Ueber den Formschneider dieses Holzschnitts, der sich unten rechts mit einem römischen von einem Querbalken durchschnittenen B bezeichnet hat, herrscht eine große Meinungsverschiedenheit und auch die ausführlichen Erörterungen darüber in Nagler’s Monogrammisten, pag. 811 bis 814, führen zu keinem bestimmten Resultate.

Ausser den vorstehend, unter Nr. 153 bis 157 aufgeführten Bildnissen unsers Meisters, giebt es noch ein kleines höchst seltnes Holzschnitt-Portrait desselben, welches Bartsch nicht gekannt hat, Heller aber irrthümlich unter die zweifelhaften Blätter versetzt, und pag. 825, Nr. 193 beschreibt.

Es ist das Brustbild des durch seine Verdienste um die Wiederbelebung des Studiums der classischen Literatur bekannten Nürnberger Gelehrten Eoban Heß[62], Zeitgenosse Dürer’s, nur 4 Zoll 9 Linien hoch und 3 Zoll 6 Linien breit, aber sehr schön.

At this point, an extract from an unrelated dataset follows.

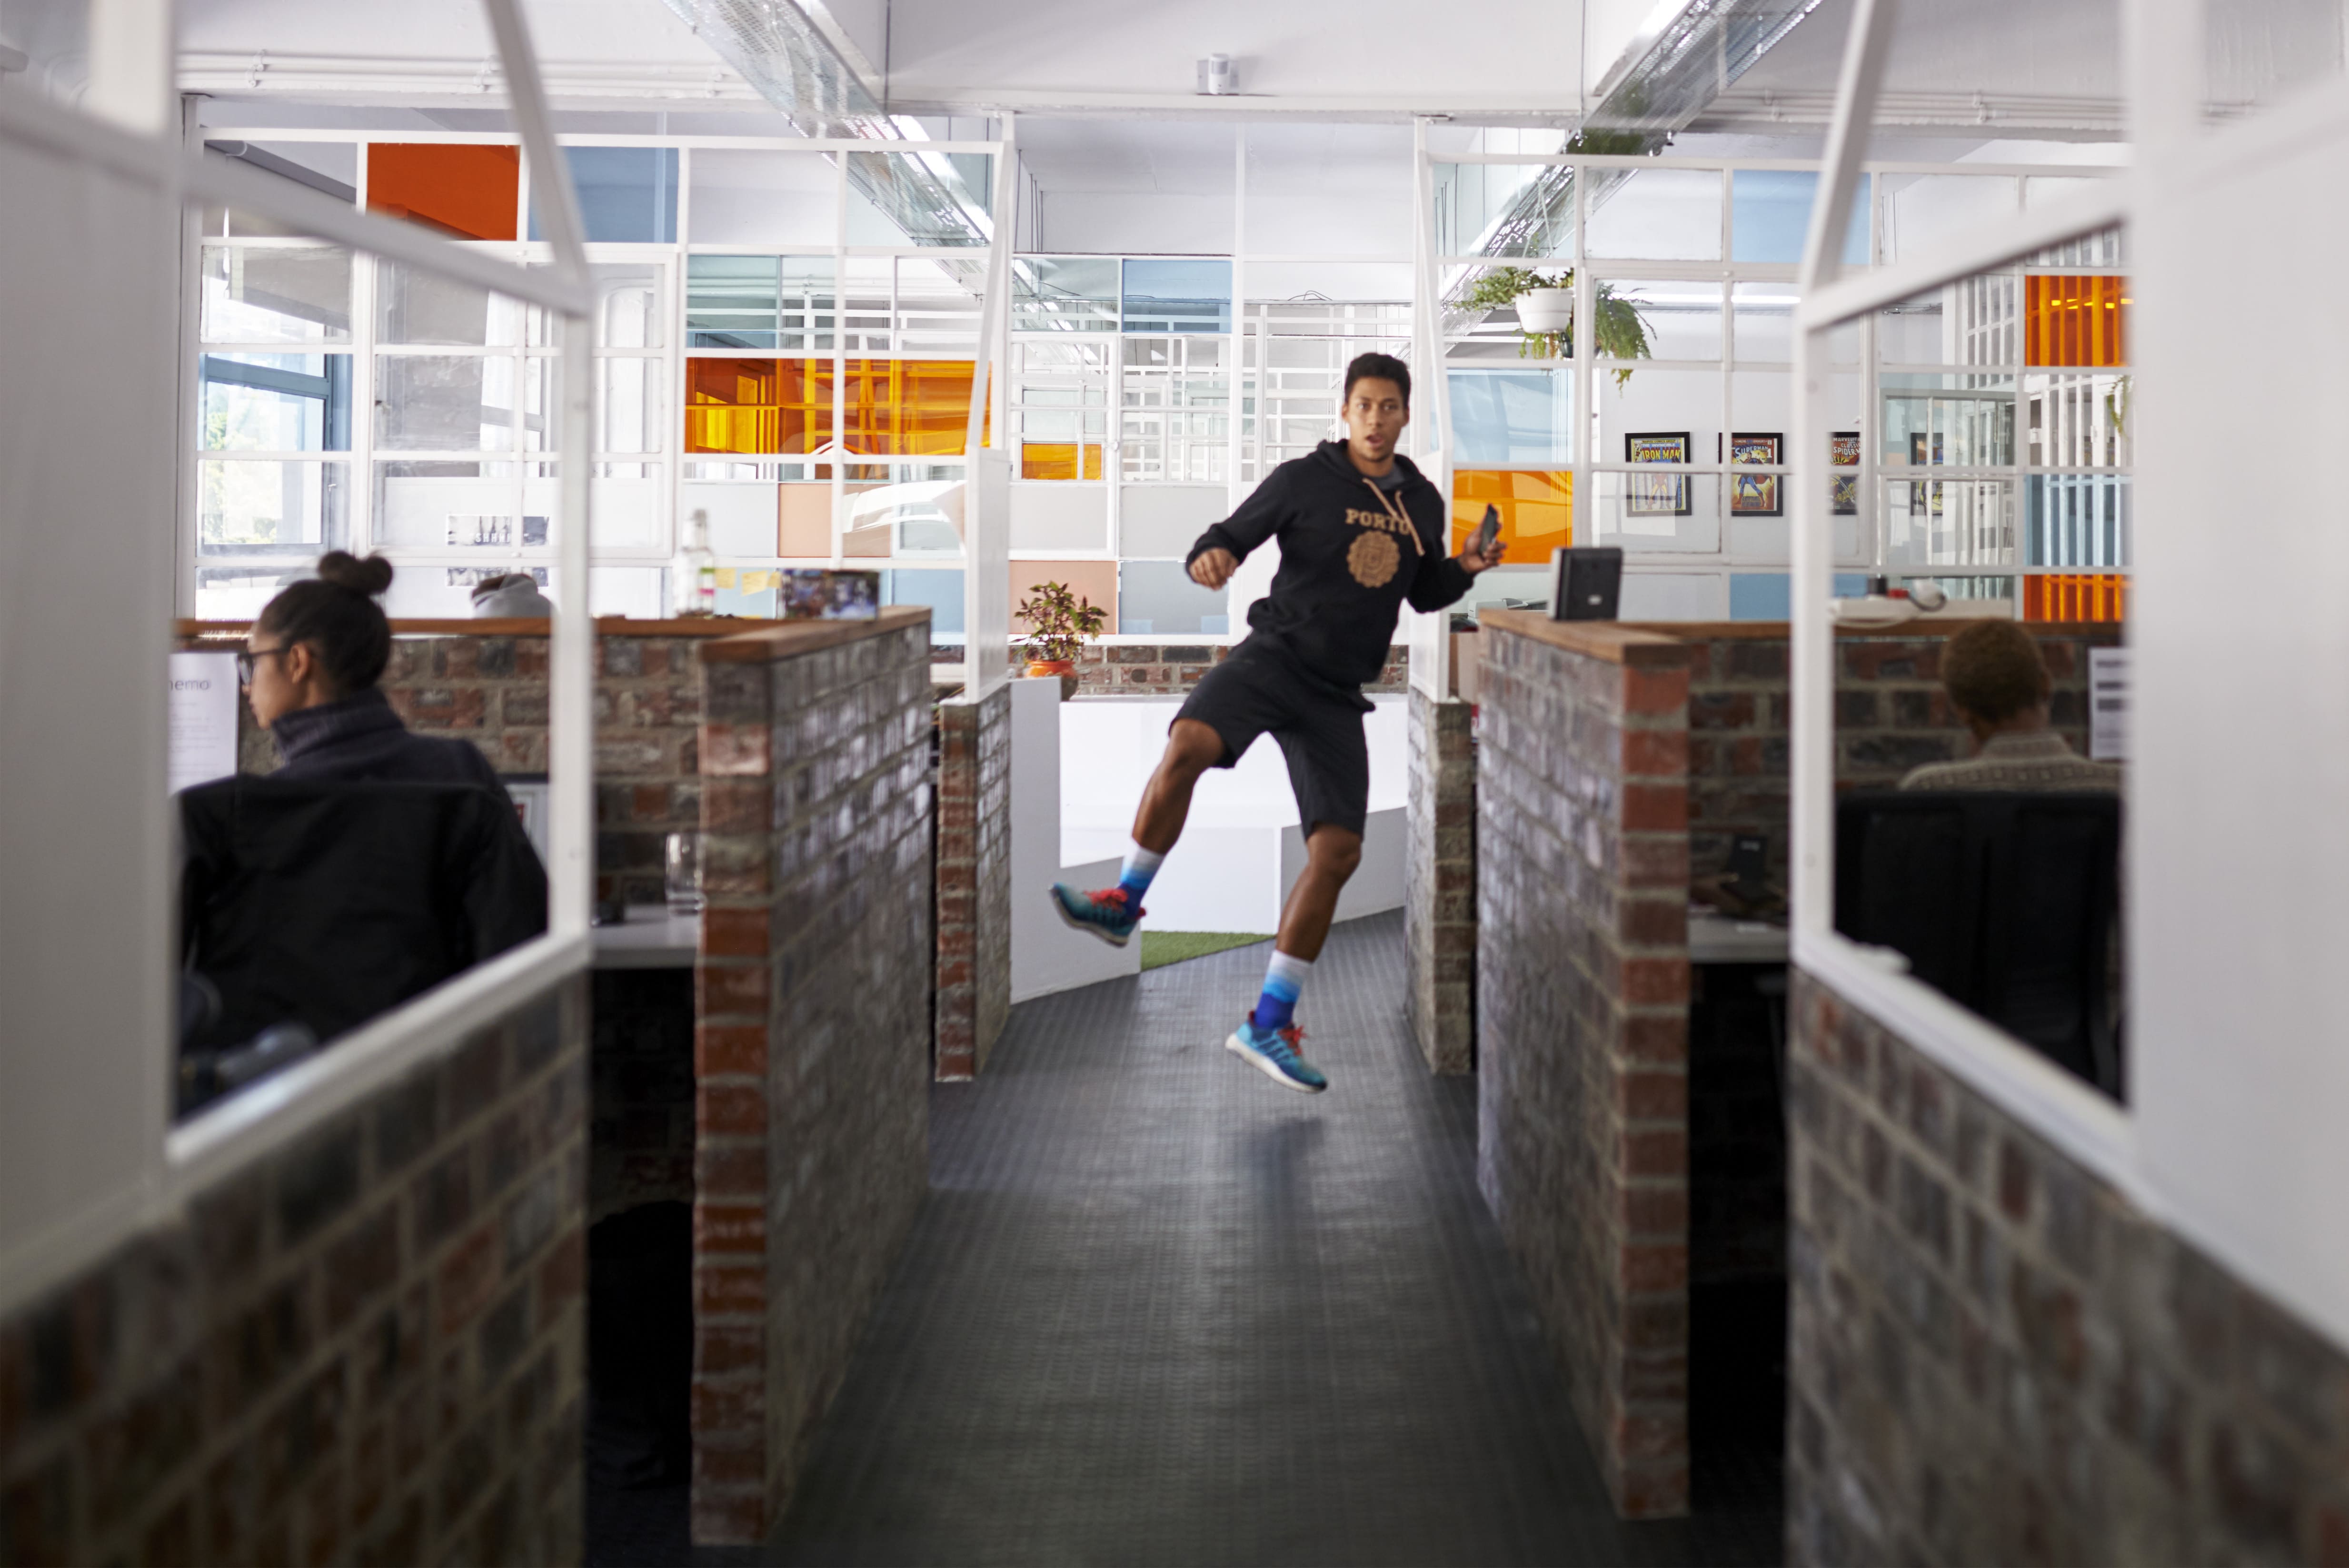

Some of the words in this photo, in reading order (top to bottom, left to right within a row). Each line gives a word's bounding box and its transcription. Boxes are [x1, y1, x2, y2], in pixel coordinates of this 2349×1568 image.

Wenn auch der Schnitt selbst nicht von Dürer sein wird, da er etwas technisch elegantes hat, in der Art, wie die Arbeiten des Resch, so ist doch die Zeichnung erwiesen von unserm Meister, denn auf der Rückseite der ersten Abdrücke, welche von Peipus in Nürnberg im Jahre 1527, also noch bei Lebzeiten Dürer’s, als Titelblatt veröffentlicht wurden, steht gedruckt:

»In Imaginem Eobani Hessi sui ab Alberto Dürero hujus aetatis Apelle graphice expressam, aliquod Epigrammata Johannis Alexandri Brassiciani etc.«

B. 158. Die fünf Kaiserlichen Wappenschilde.

Die ersten Drucke dieses einfach aber charakteristisch behandelten Holzschnitts, finden sich in dem im Jahre 1502 bei Koberger in Nürnberg gedruckten Buche, der himmlischen Offenbarung der heiligen Brigitta.

Die zweiten Drucke haben die Jahrszahl 1504 und das Dürer’sche Monogramm, sie sind noch rein und scharf und ihr Papier hat 12¾ Linien Entfernung der Drathstriche.

B. 159. Das Wappen der Familie Behaim.

Dieses schön verzierte höchst wahrscheinlich von Dürer selbst geschnittene Wappen ist nicht häufig.